§ **Data under study**
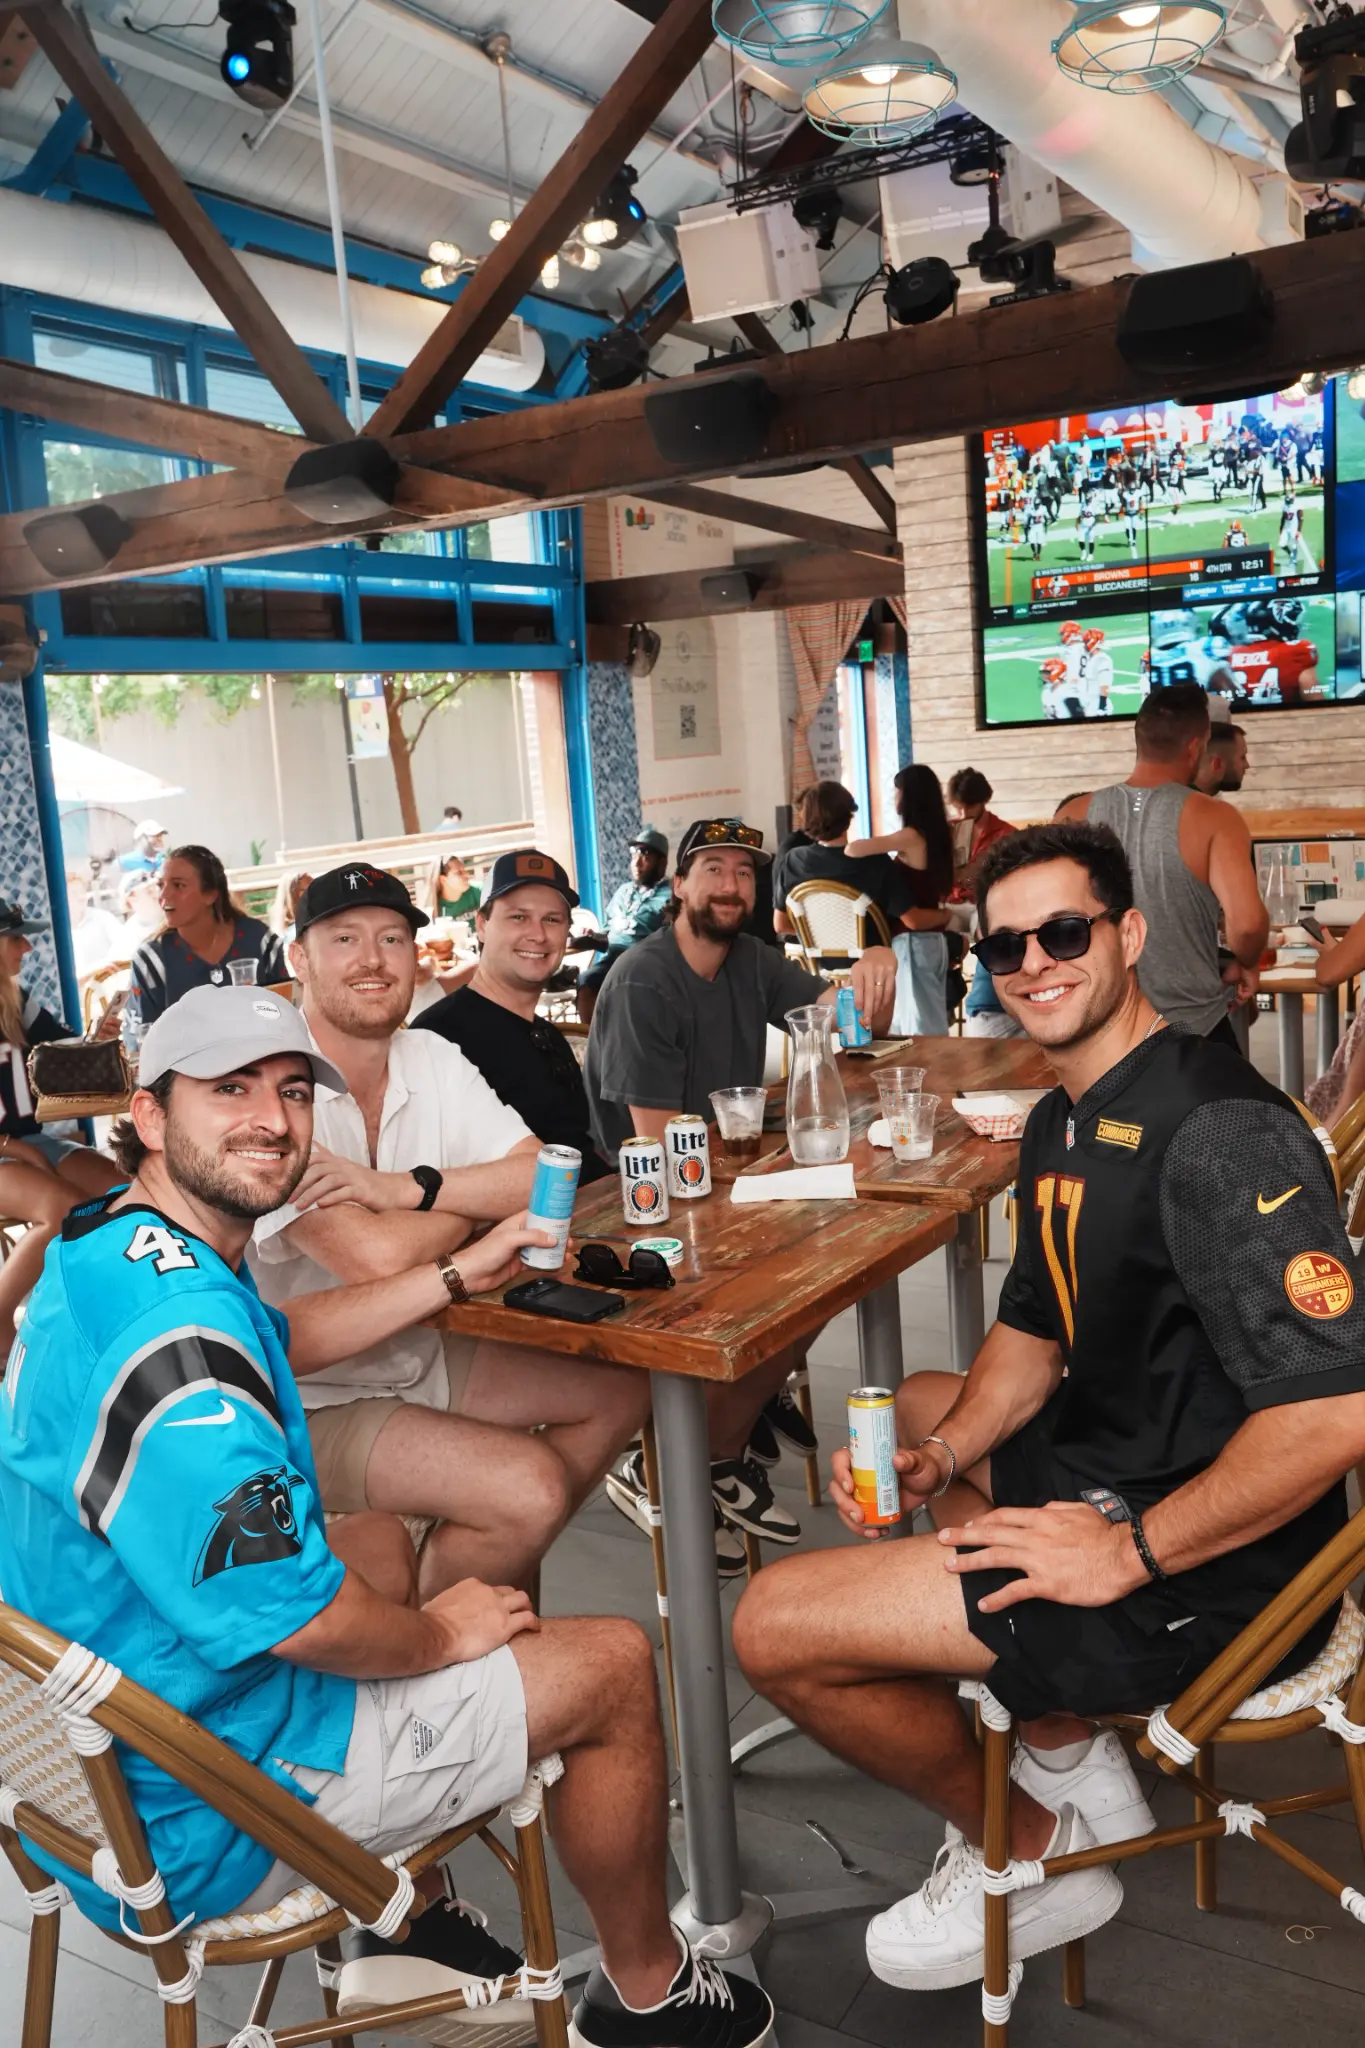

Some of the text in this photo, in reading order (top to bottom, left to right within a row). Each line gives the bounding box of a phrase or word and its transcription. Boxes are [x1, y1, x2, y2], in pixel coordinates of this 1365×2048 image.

[1206, 563, 1232, 574] 4TH QTR
[1241, 559, 1264, 571] 12:51
[1093, 569, 1130, 581] BROWNS
[1093, 578, 1149, 592] BUCCANEERS
[1097, 1123, 1142, 1146] COMMANDERS
[672, 1132, 706, 1155] Lite
[624, 1155, 660, 1180] Lite
[123, 1224, 199, 1277] 4
[1034, 1172, 1085, 1348] 17
[1297, 1268, 1311, 1277] 19
[1315, 1263, 1331, 1273] W
[1292, 1275, 1346, 1296] COMMANDERS
[1329, 1293, 1342, 1303] 32

§ **Instructions to follow**
Output every entry exactly, leaving out pictures.

§ **Reply to the task**
Some of the text in this photo, in reading order (top to bottom, left to right within a row). Each line gives the bounding box of a phrase or word and its transcription. Boxes are [x1, y1, x2, y2], in pixel coordinates of this 1365×2048 image.

[1206, 563, 1232, 574] 4TH QTR
[1241, 559, 1264, 571] 12:51
[1093, 569, 1130, 581] BROWNS
[1093, 578, 1149, 592] BUCCANEERS
[1097, 1123, 1142, 1146] COMMANDERS
[672, 1132, 706, 1155] Lite
[624, 1155, 660, 1180] Lite
[123, 1224, 199, 1277] 4
[1034, 1172, 1085, 1348] 17
[1297, 1268, 1311, 1277] 19
[1315, 1263, 1331, 1273] W
[1292, 1275, 1346, 1296] COMMANDERS
[1329, 1293, 1342, 1303] 32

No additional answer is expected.